Mr. Ford will enter the premier’s office with little experience in government, having served only one term as a Toronto city councilor, from 2010 to 2014. He entered the PC leadership race after Mr. Brown’s middle-of-the-night resignation amid allegations of sexual misconduct, and won the leadership in March. He then tossed his party’s electoral plan and adopted a shoot-from-the-hip style that has put him in charge of Canada’s most populous province and the country’s economic engine.
His pared-down platform included almost $10-billion in new spending, but no firm details on how the party would pay for it. He vowed fiscal restraint, but told voters he would slash income taxes, reduce the provincial gas tax by 10 cents a litre and scrap the province’s cap-and-trade policy for reducing carbon emissions. Appealing to his populist base, he also said he would fire the head of Hydro One—the $6-million man, he called him—and reduce the minimum price of a bottle of beer to $1, both of which were heavily featured at rallies he held around the province.
Ontarians started the 29-day election campaign on May 9 looking to toss the most unpopular premier in the province’s modern history. What began as a two-way race between Mr. Ford and Ms. Wynne almost immediately became a contest between the PCs and a surging NDP, offering Ontarians a stark choice for the direction of the province. As the PCs stumbled, with police investigating continuing nomination scandals, and a reversal of Mr. Ford’s promise to release a fully-costed platform, voters rallied behind Ms. Horwath and her vow to create comprehensive drug, childcare and dental plans. The PCs’ 15 point lead began to evaporate.
Mr. Ford was outgunned in the campaign’s two main debates, falling back on sloganeering as Ms. Horwath and Ms. Wynne pushed their detailed visions for the future.
Finally, just days before the vote, the widow and children of Rob Ford filed a lawsuit alleging that Doug Ford was a negligent business manager at the family’s firm, Deco Labels and Tags Inc., costing them millions from Rob Ford’s estate. He said the allegations are “false and without merit.” None of it seemed to matter.

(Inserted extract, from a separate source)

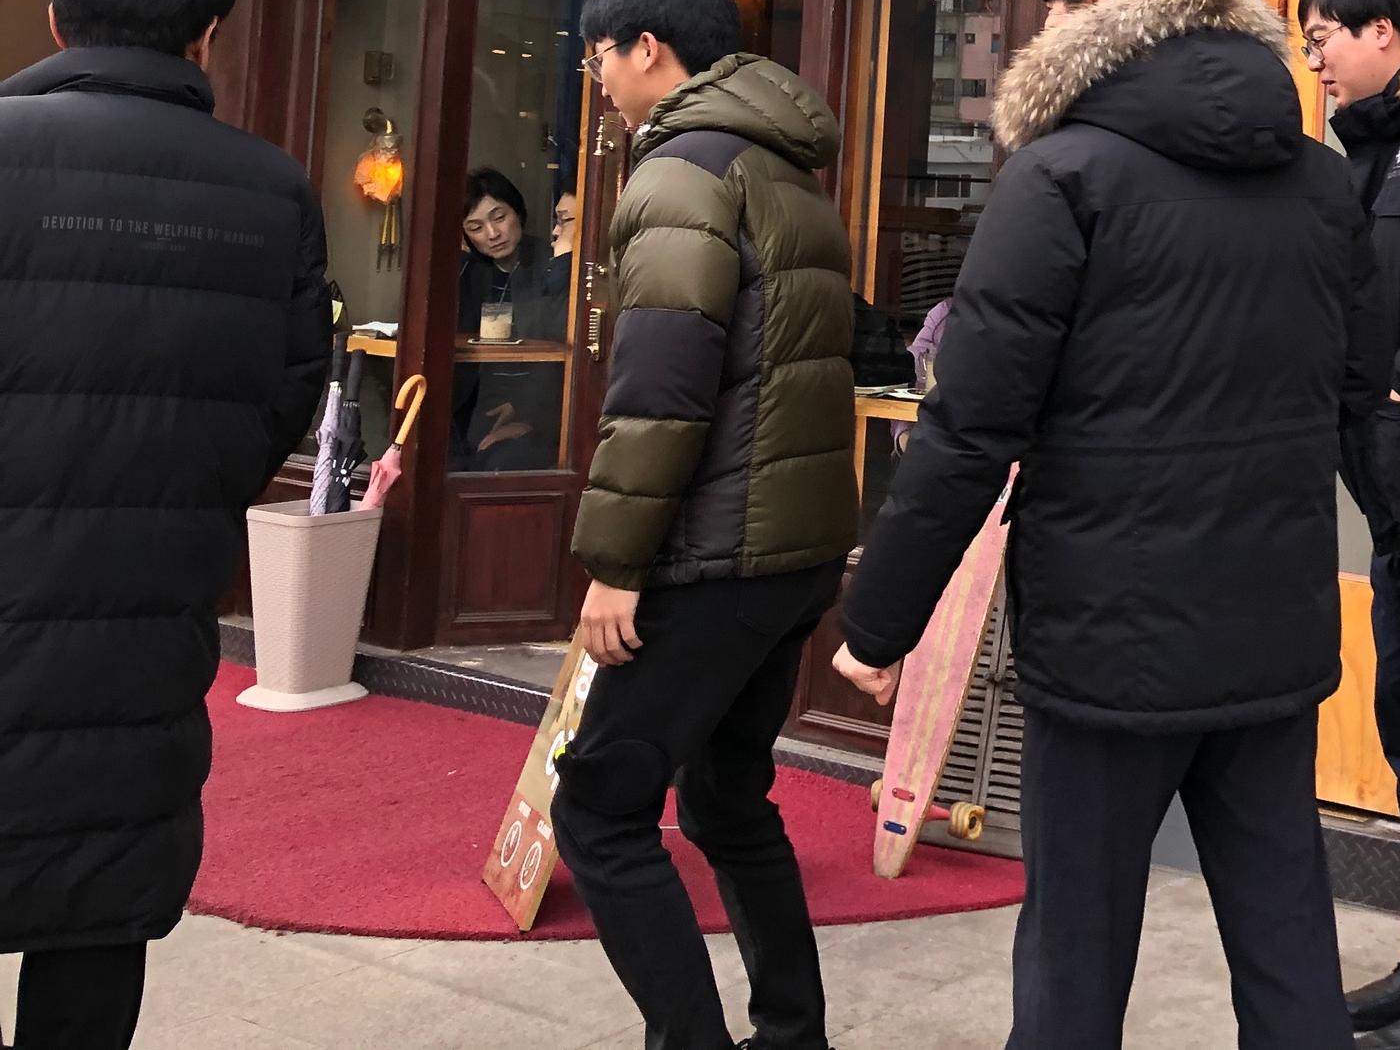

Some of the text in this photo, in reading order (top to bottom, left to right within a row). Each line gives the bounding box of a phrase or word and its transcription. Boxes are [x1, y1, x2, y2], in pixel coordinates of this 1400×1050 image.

[41, 215, 104, 231] DEVOTION
[109, 218, 123, 232] TO
[128, 220, 149, 235] THE
[153, 222, 202, 240] WELFARE

“Obviously there was a drive for change and the GTA was convinced by Ford’s populist language,” said Andrea Lawlor, a political science professor at the University of Western Ontario. “While people flirted with the NDP, they just didn’t trust them enough at the end of the day to take over the province.”

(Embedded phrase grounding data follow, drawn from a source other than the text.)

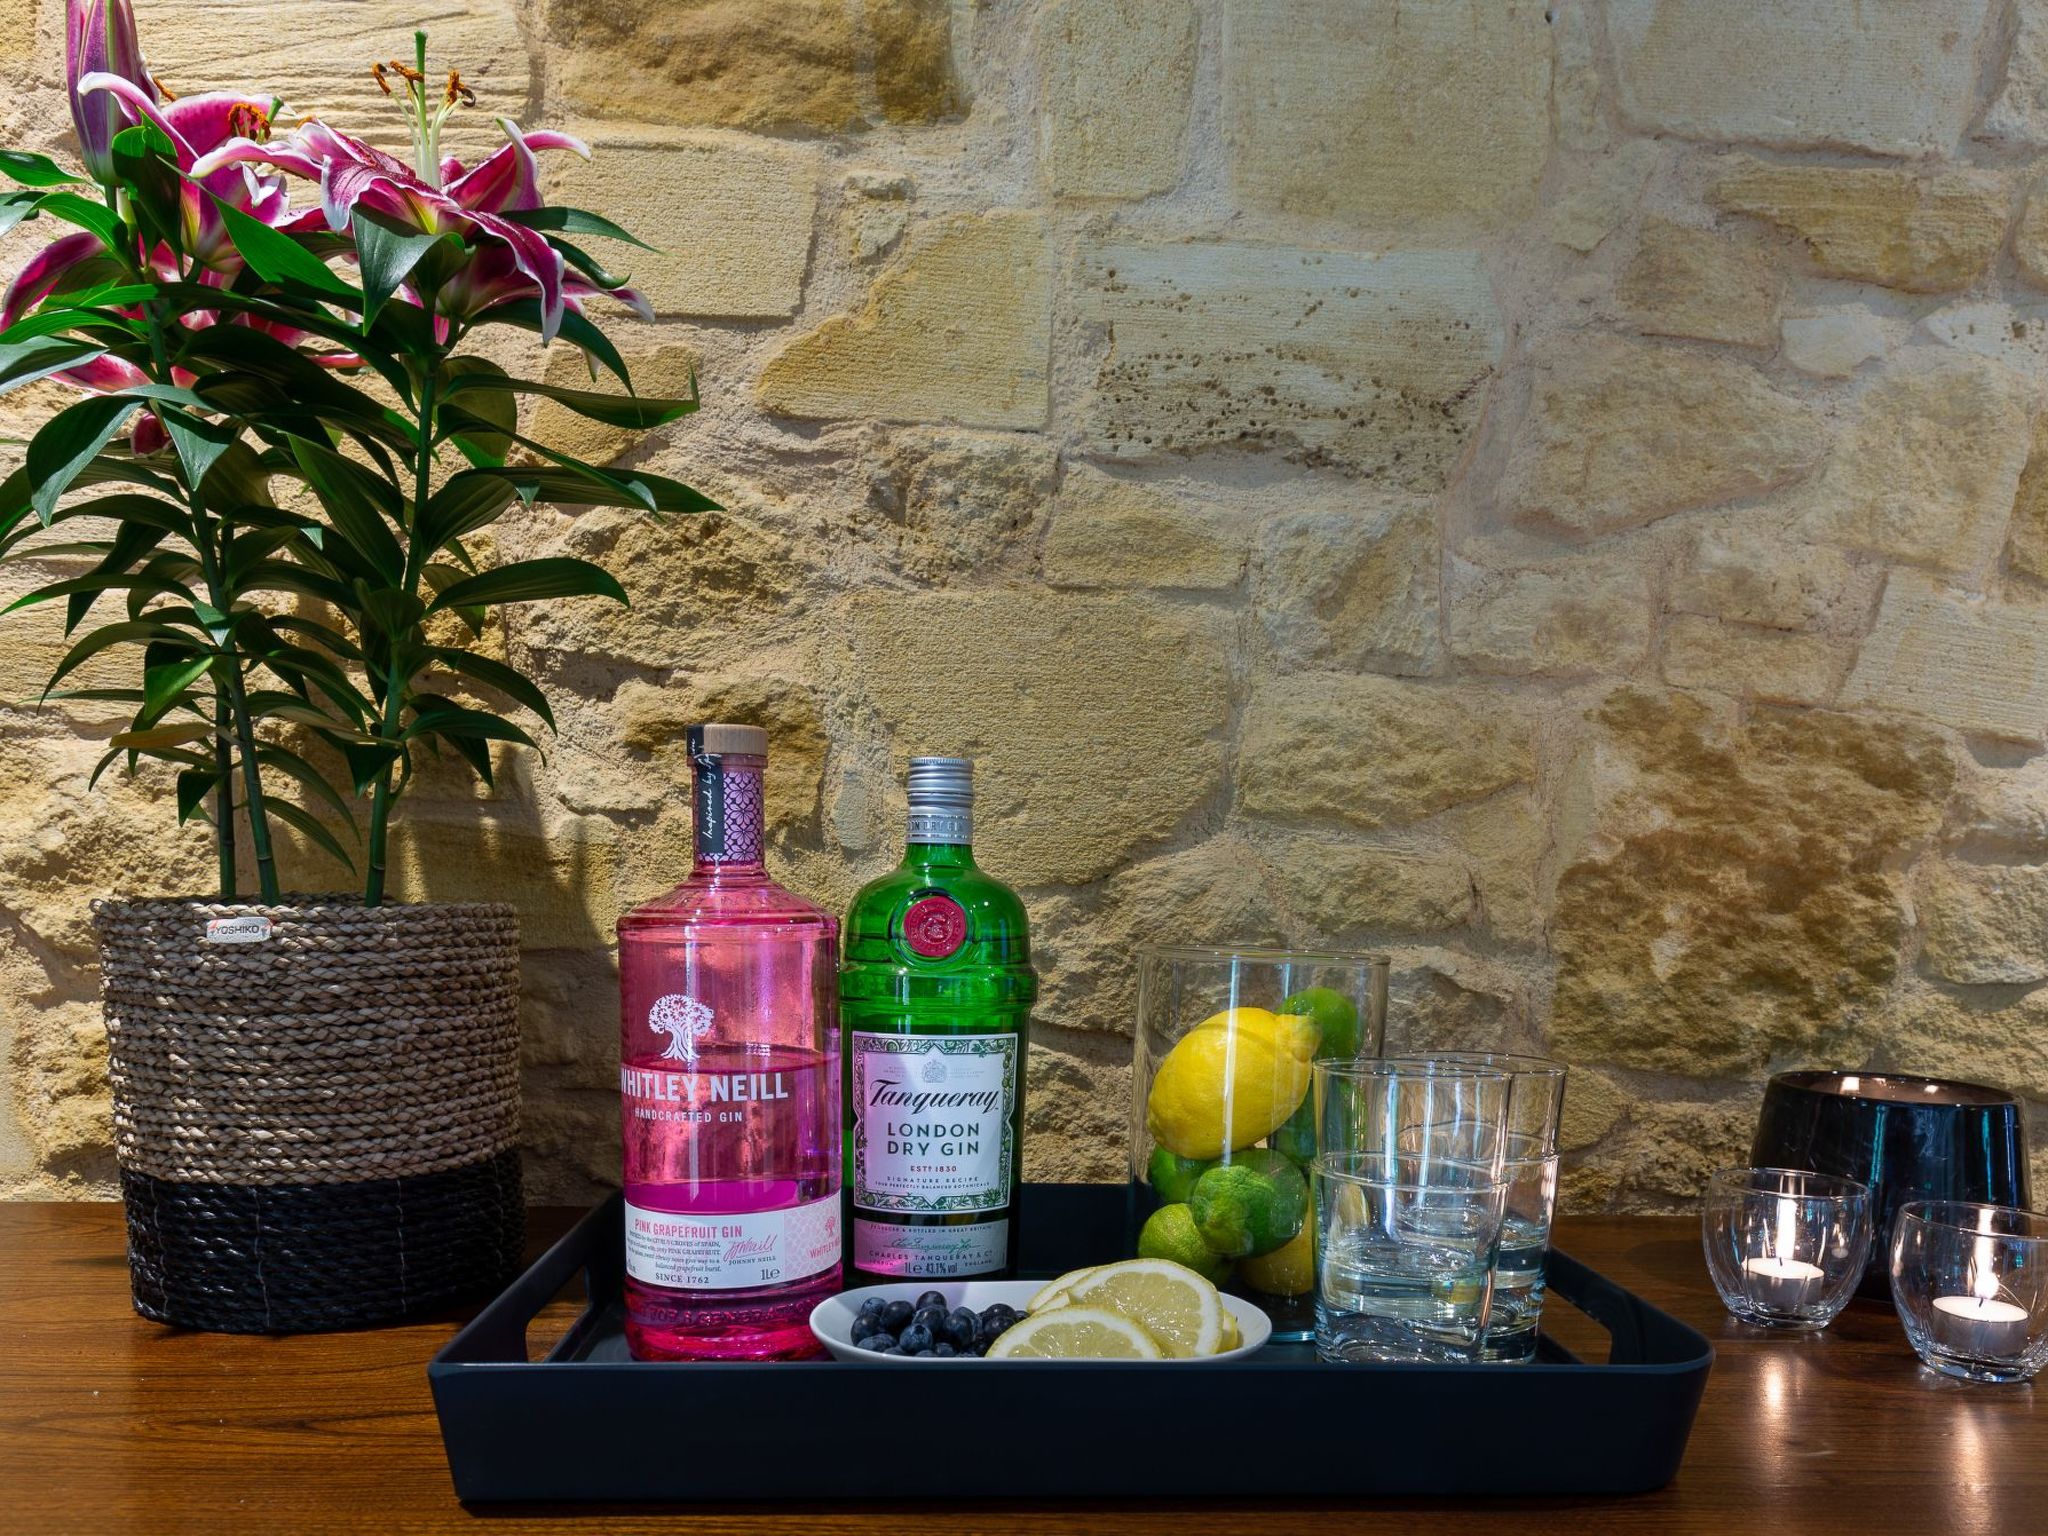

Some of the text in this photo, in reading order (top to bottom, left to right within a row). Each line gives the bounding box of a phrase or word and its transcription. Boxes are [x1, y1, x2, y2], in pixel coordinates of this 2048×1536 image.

[216, 925, 260, 935] YOSHIKO
[710, 1072, 789, 1102] NEILL
[870, 1079, 999, 1115] Tanqueray
[634, 1107, 743, 1123] HANDCRAFTED GIN
[888, 1122, 980, 1138] LONDON
[888, 1140, 979, 1156] DRY GIN
[935, 1165, 957, 1173] 1830
[634, 1218, 743, 1239] PINK GRAPEFRUIT GIN
[728, 1258, 757, 1266] JOHNNY
[869, 1250, 909, 1260] CHARLES
[655, 1273, 710, 1284] SINCE 1762

The Tory victory will have widespread implications for Canada’s federal government. In addition to the promise to tear up Ontario’s cap-and-trade system, Mr. Ford has called carbon taxes “a scam.” He has indicated he will join Saskatchewan, and perhaps Alberta if that province’s conservative party wins power next year, in a legal battle to stop the federal Liberal government’s requirement that all provinces implement a form of carbon pricing. He’s also resisted the federal push to consider a national pharmacare program.